Oh, chicken pot pie hand pies—my absolute favorite way to turn comfort food into portable perfection! Picture this: flaky, buttery crust wrapped around a creamy, savory chicken and veggie filling, all in a cute little package you can hold in one hand. I started making these years ago when my kids needed quick lunches, and now they’re a family staple. Whether you’re packing lunch, needing a freezer-friendly meal, or just craving that classic pot pie flavor without the fuss, these hand pies are your answer. Trust me, once you try them, you’ll never look at pot pie the same way again!

Why You’ll Love These Chicken Pot Pie Hand Pies
Let me count the ways these little hand pies will steal your heart (and your appetite!):
- Quick magic: Ready in under an hour – perfect for those “what’s for dinner?!” emergencies
- Pocket-sized comfort: All the coziness of pot pie, no plate or fork required
- Endless options: Swap veggies, use turkey instead of chicken, or add your favorite herbs
- Kid-approved: My picky eaters go crazy for these – they think they’re getting a “pastry treat”
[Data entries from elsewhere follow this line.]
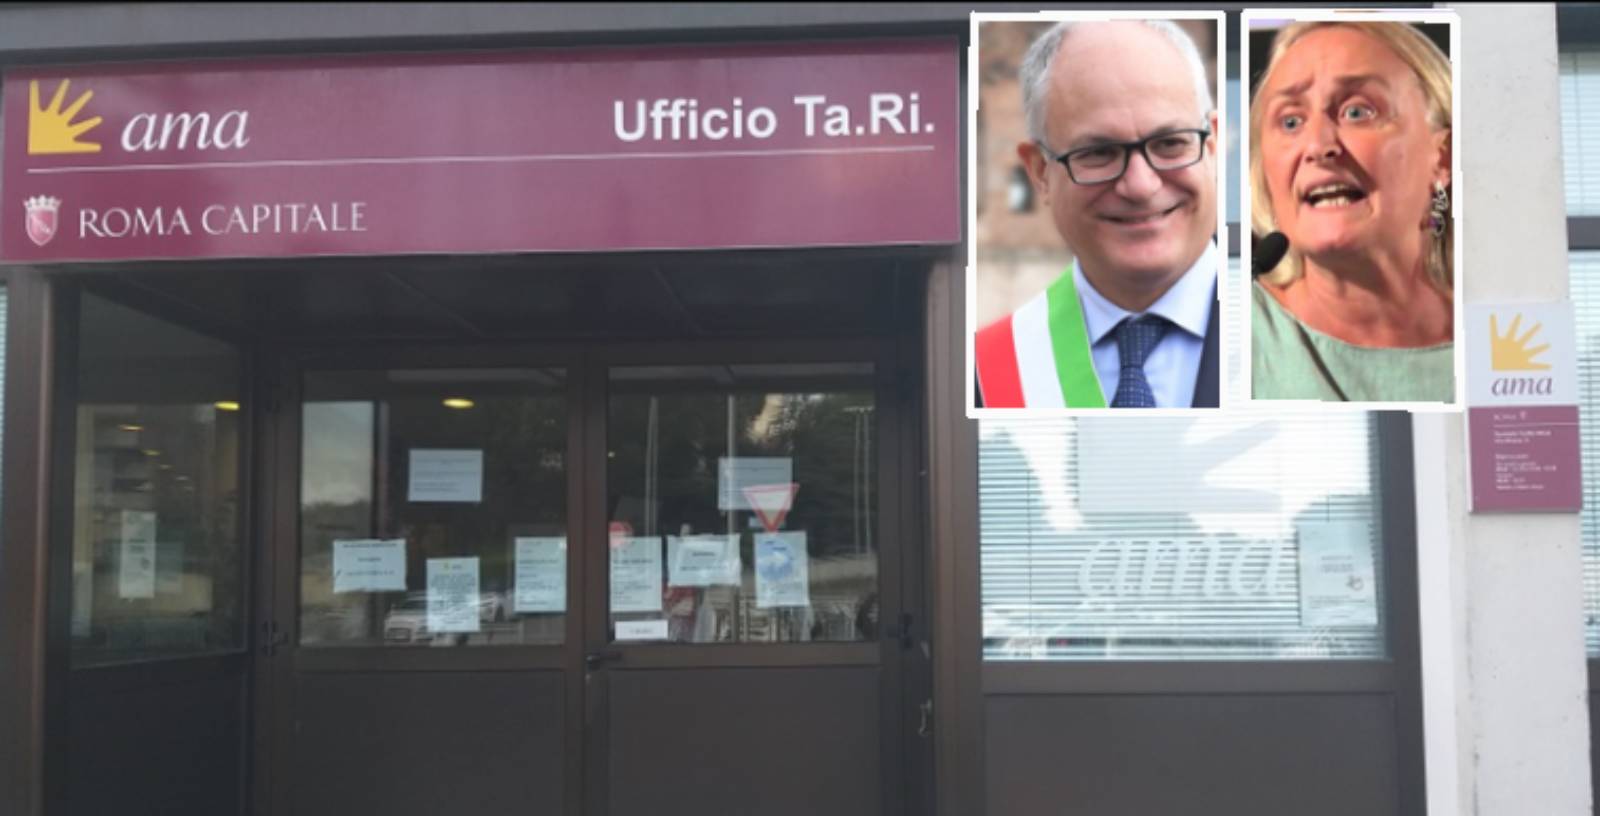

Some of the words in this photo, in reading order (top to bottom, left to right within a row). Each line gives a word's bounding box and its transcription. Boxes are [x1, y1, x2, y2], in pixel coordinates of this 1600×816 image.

[120, 109, 251, 152] ama
[613, 98, 778, 142] Ufficio
[794, 91, 936, 137] Ta.Ri.
[79, 205, 192, 238] ROMA
[200, 201, 369, 235] CAPITALE
[1490, 376, 1554, 397] ama
[1078, 538, 1294, 598] ama
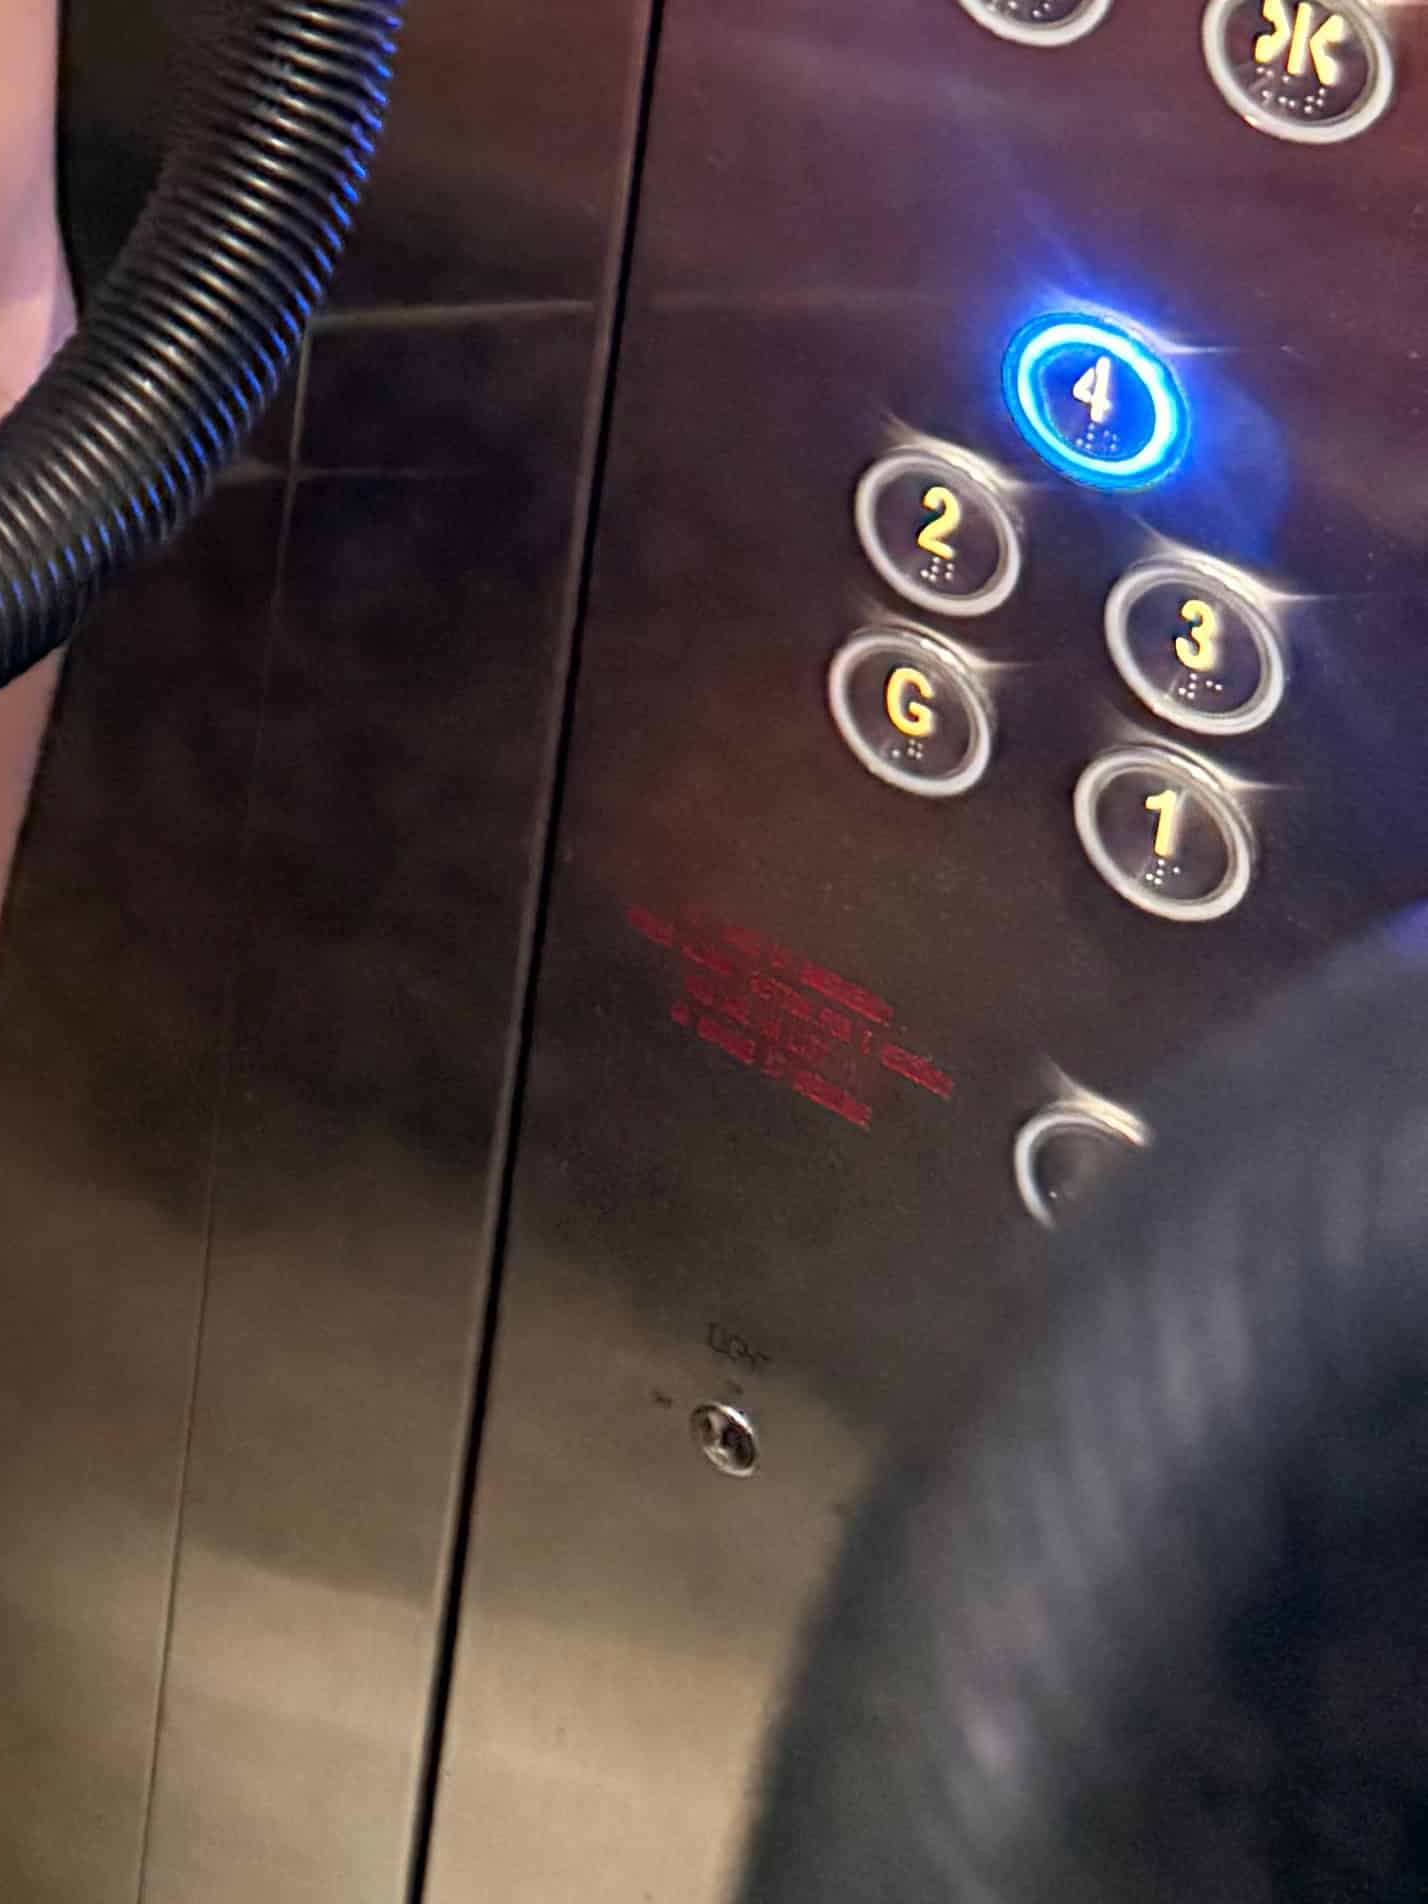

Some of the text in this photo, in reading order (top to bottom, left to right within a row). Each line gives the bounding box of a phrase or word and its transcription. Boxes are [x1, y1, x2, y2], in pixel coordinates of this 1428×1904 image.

[1072, 354, 1113, 424] 4
[917, 485, 961, 560] 2
[1174, 597, 1219, 672] 3
[885, 666, 934, 738] G
[1144, 788, 1178, 859] 1
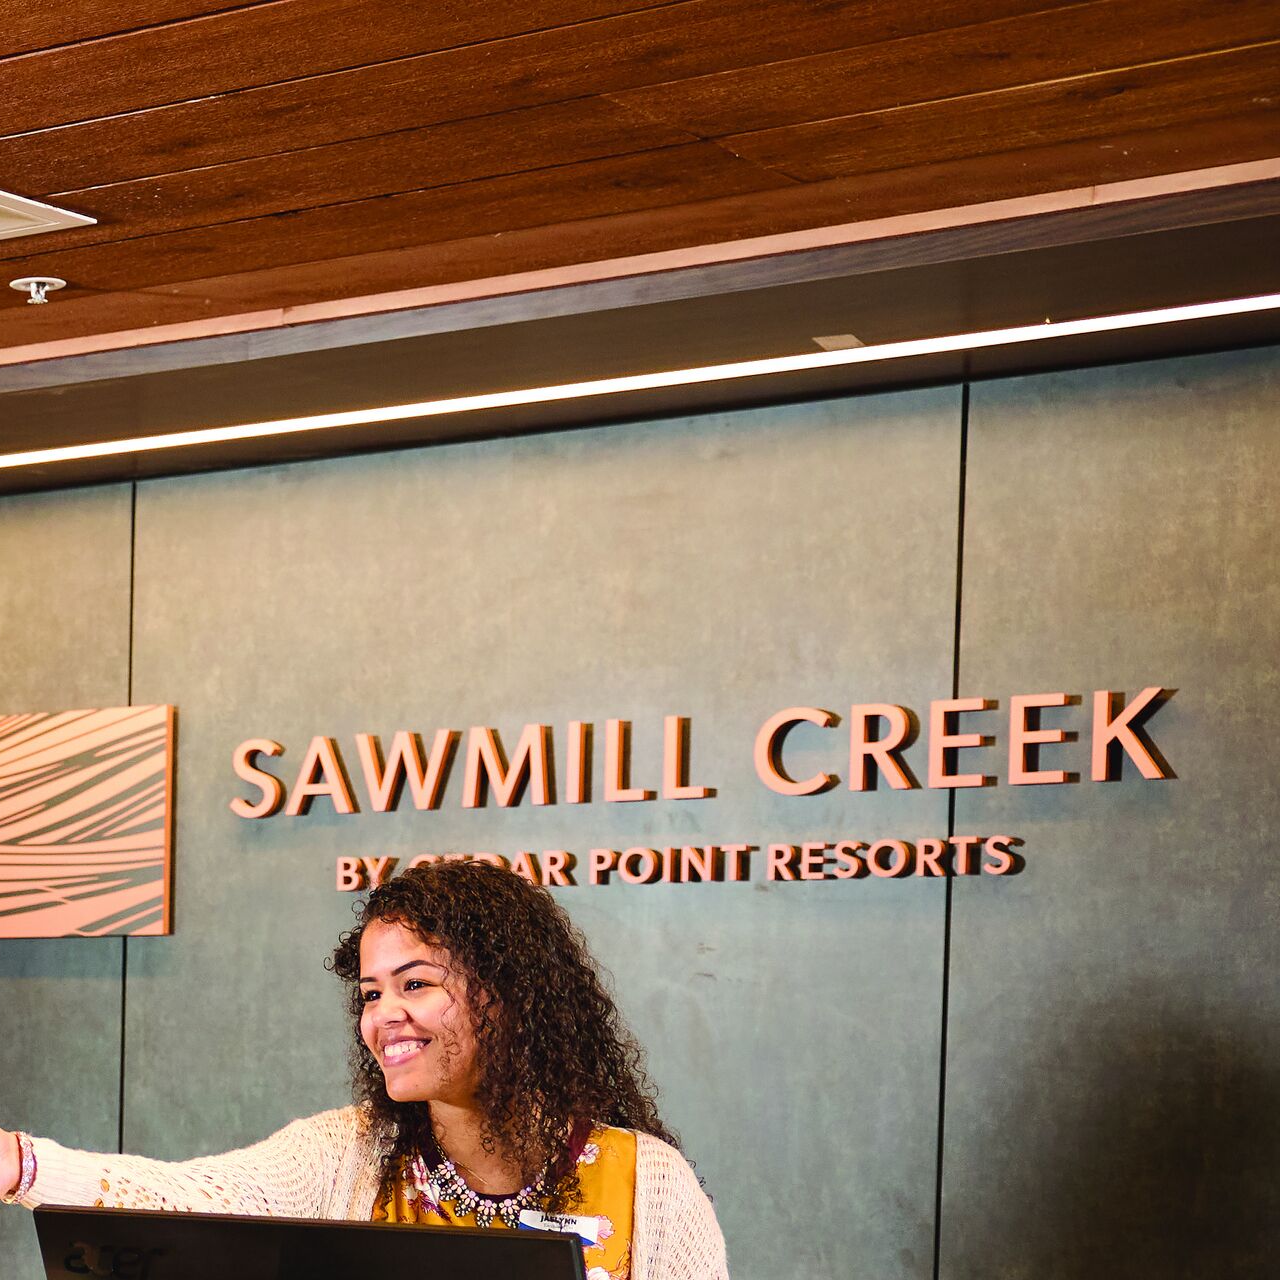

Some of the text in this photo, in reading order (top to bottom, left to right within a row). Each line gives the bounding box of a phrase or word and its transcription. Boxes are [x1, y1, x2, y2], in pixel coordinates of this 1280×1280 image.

[229, 686, 1170, 819] SAWMILL CREEK
[335, 855, 391, 892] BY
[589, 843, 751, 886] POINT
[766, 835, 1019, 881] RESORTS
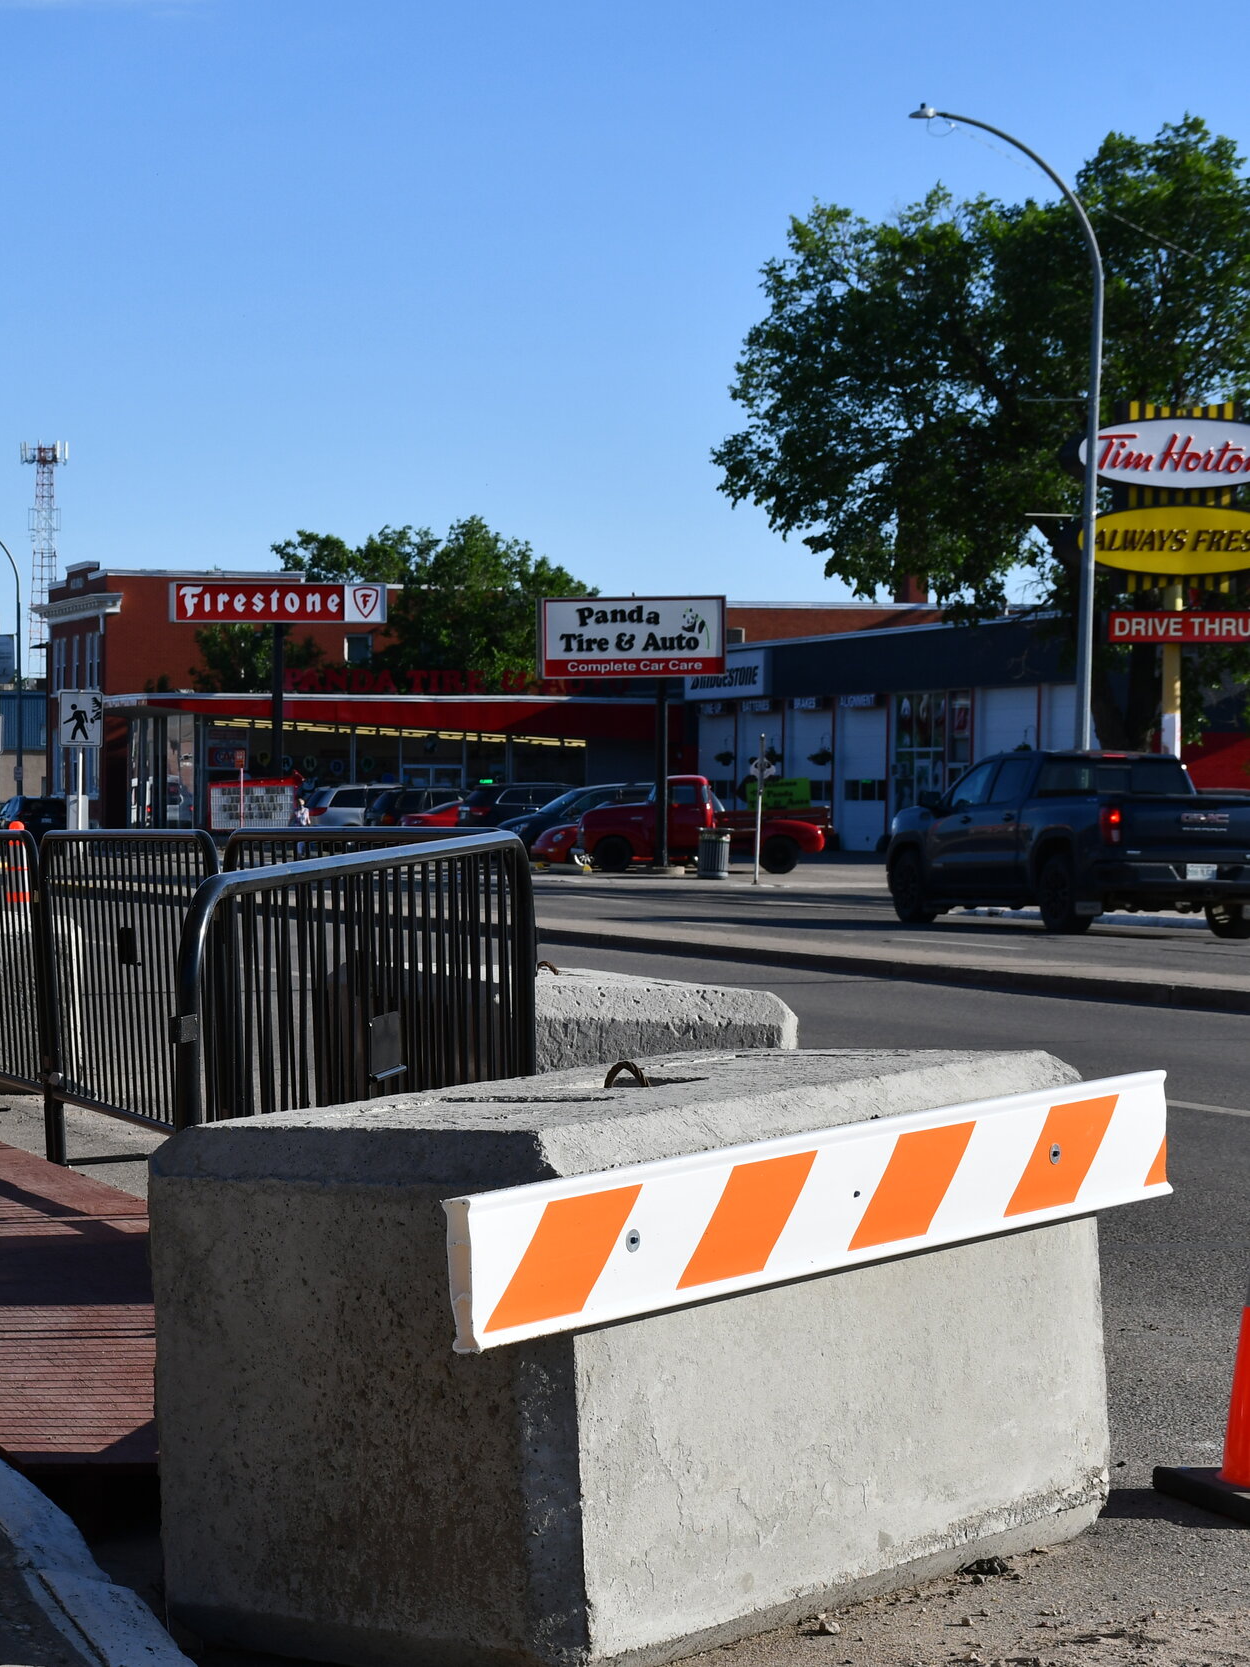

- Freezer hero: Make a double batch and stash them for future hungry-you
Seriously, they’re like little edible hugs – warm, comforting, and oh-so-satisfying!
Ingredients for Chicken Pot Pie Hand Pies
Here’s what you’ll need to make these little pockets of joy – I promise they’re all simple, everyday ingredients that come together magically:
- 2 cups cooked chicken, shredded (leftover rotisserie chicken works beautifully here, or just boil some breasts)
- 1 cup frozen mixed veggies – my usual mix is peas, carrots and corn, but use what your family likes
- 1/2 cup diced potatoes – little cubes about the size of your pinky nail
- 1/4 cup diced onions – they should practically disappear into the filling when cooked
- 1/4 cup butter – real butter please, none of that margarine business!
- 1/4 cup all-purpose flour – this makes our luscious, thick sauce
- 1 cup chicken broth – for extra flavor, use the broth from boiling your chicken
- 1/2 cup milk – whole milk makes it richest, but 2% works too
- 1 tsp salt – taste as you go, you might need a pinch more
- 1/2 tsp black pepper – freshly ground if you have it
- 1 package refrigerated pie crusts (or homemade if you’re feeling fancy)
- 1 egg, beaten – this gives our hand pies that gorgeous golden shine
See? Nothing fancy – just honest ingredients that make magic happen!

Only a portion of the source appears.